Design Philosophy and Principles
Why Universal Verifiability of the Full Ledger is Critical
- Supply and History Auditability: Total supply, inflation curve, and contract state can be locally re-verified without trusting block explorers or centralized APIs
- Resistance to Social-Layer Intervention: Under extreme network/jurisdictional conditions, peer-to-peer verification and bookkeeping can continue, maintaining minimal viable operation
- Distributed Sovereignty: When full nodes are sufficiently distributed, any protocol change must pass the reality check of "user verifiability"—security comes from users, not infrastructure owners
Conclusion: Choose a "compact and stable" L1 (20s blocks), supplemented by pruning + snapshots + archival layering + deduplication, making "full ledger" a default capability on consumer hardware, not a luxury.

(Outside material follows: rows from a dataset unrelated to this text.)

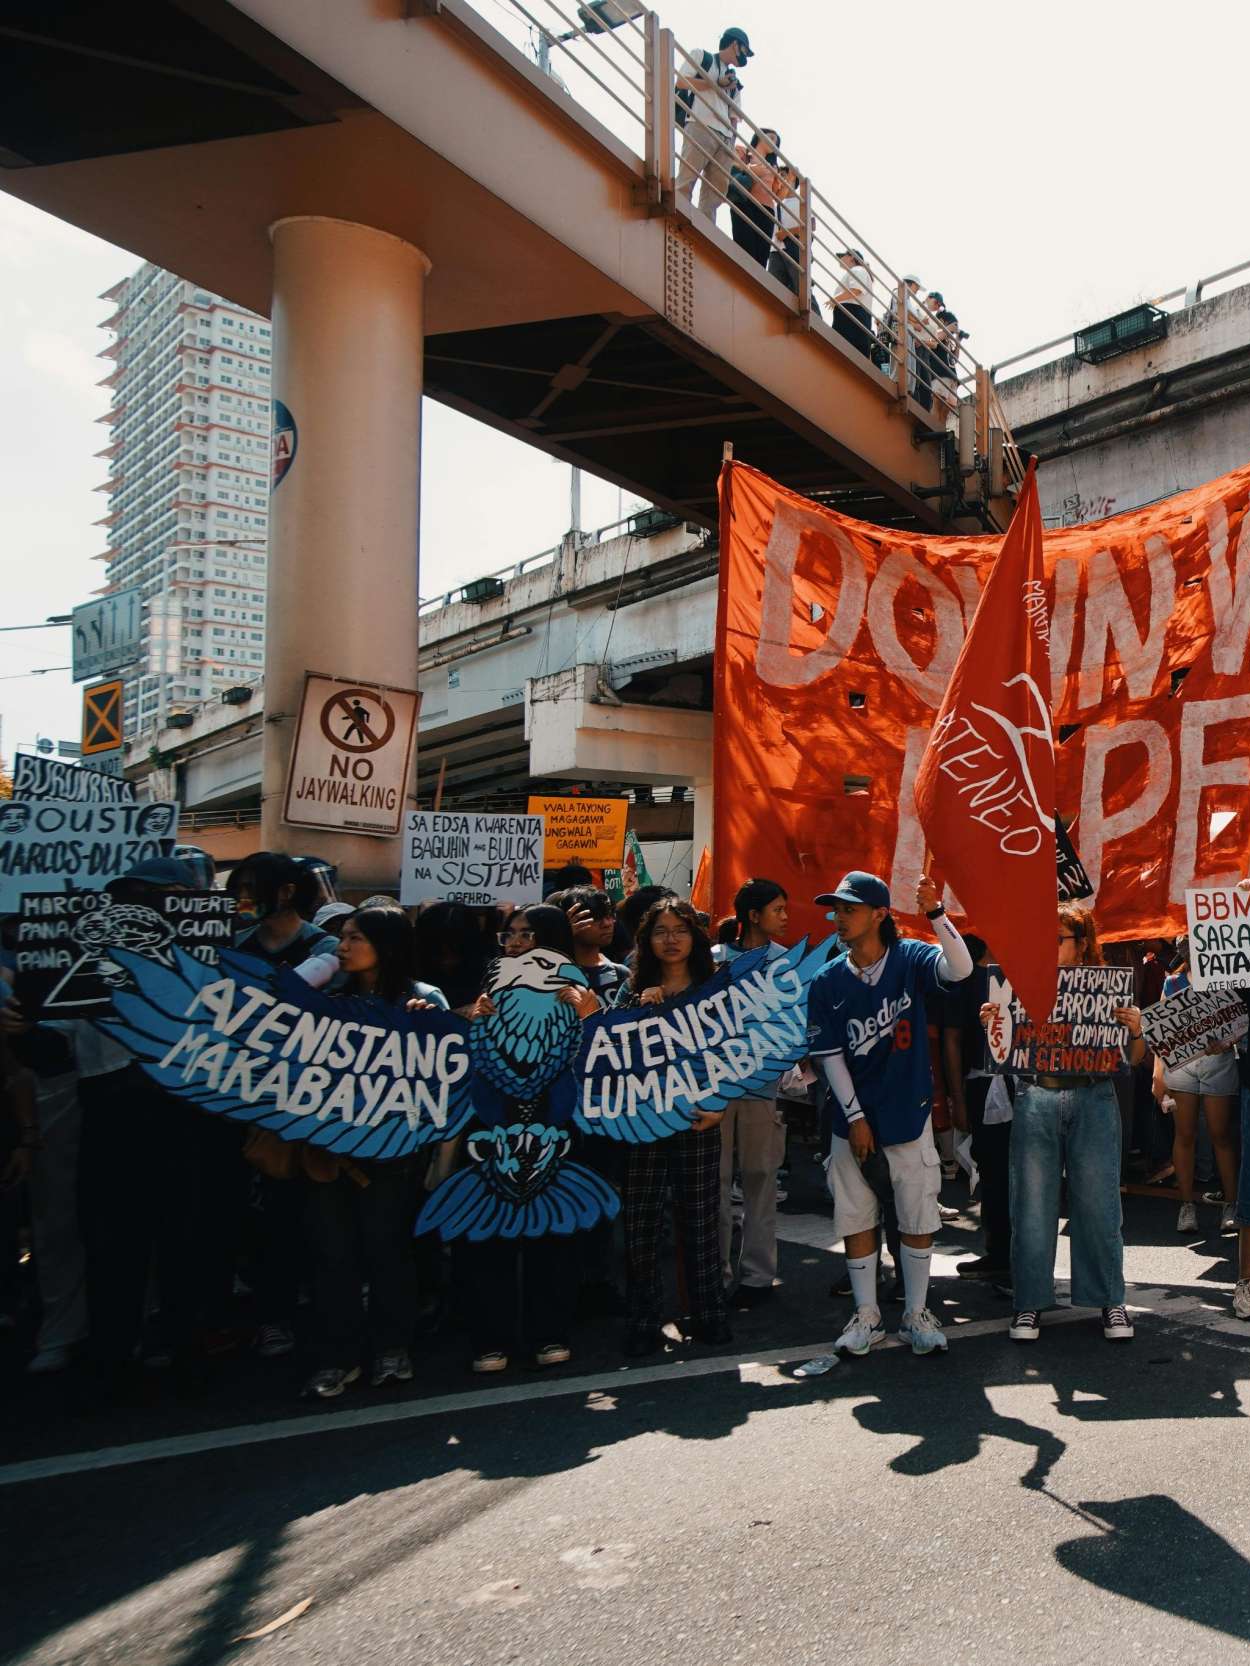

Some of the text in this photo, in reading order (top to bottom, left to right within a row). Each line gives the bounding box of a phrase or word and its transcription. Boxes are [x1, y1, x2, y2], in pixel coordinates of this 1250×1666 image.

[329, 754, 374, 781] NO
[296, 777, 397, 811] JAYWALKING
[544, 803, 612, 814] WALA TAYONG
[550, 815, 605, 824] MAGAGAWA
[408, 814, 428, 832] SA
[432, 815, 469, 835] EDSA
[474, 816, 543, 837] KWARENTA
[566, 826, 592, 837] WALA
[411, 836, 470, 860] BAGUHIN
[488, 836, 538, 861] BULOK
[556, 839, 598, 850] GAGAWIN
[415, 861, 540, 888] NA SISTEMA!
[24, 892, 113, 917] MARCOS
[18, 920, 70, 942] PANA
[16, 950, 73, 972] PANA
[1207, 979, 1247, 992] ATENEO
[584, 957, 804, 1074] ATENISTANG
[184, 977, 469, 1084] ATENISTANG
[1012, 1047, 1122, 1073] IN GENOCIDE
[1162, 1038, 1207, 1069] LAYAS
[158, 1023, 450, 1132] MAKABAYAN

Political Economy Trade-offs of PoW
PoW anchors security costs to external resources like electricity/hardware, with low entry/exit barriers and strong censorship resistance; PoS has higher capital efficiency but voting power and yield overlap tend toward endogenous concentration. X chooses PoW as L1's sovereignty and security anchor, delegating scale and experience to free competition among L2s.

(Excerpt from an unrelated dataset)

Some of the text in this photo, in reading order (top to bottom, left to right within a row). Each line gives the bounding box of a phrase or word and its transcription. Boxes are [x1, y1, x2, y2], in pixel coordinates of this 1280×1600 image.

Why ASIC Resistance: The Necessity of Node Democratization
Centralization Dilemma of Existing PoW Networks
Current mainstream PoW networks face severe hashpower concentration:
- BTC/ETC ASIC Monopoly: Specialized mining hardware completely excludes individual miners, creating a situation where a few mining farms control the network
- Monero's CPU Preference Drawbacks: While successfully resisting ASICs, its CPU-friendly design introduces new problems—botnets and cloud service providers' hidden hashpower can be maliciously exploited
XOS's Balanced Solution: GPU Democratization
We choose GPU mining + ASIC resistance based on the following considerations:
- Hardware Ubiquity: GPUs are general-purpose computing devices widely used for gaming, AI, and content creation. Hundreds of millions of PCs globally are equipped with GPUs
- Balancing Accessibility and Security:
- 2GB VRAM entry threshold allows older graphics cards to participate (GTX 1050 and above)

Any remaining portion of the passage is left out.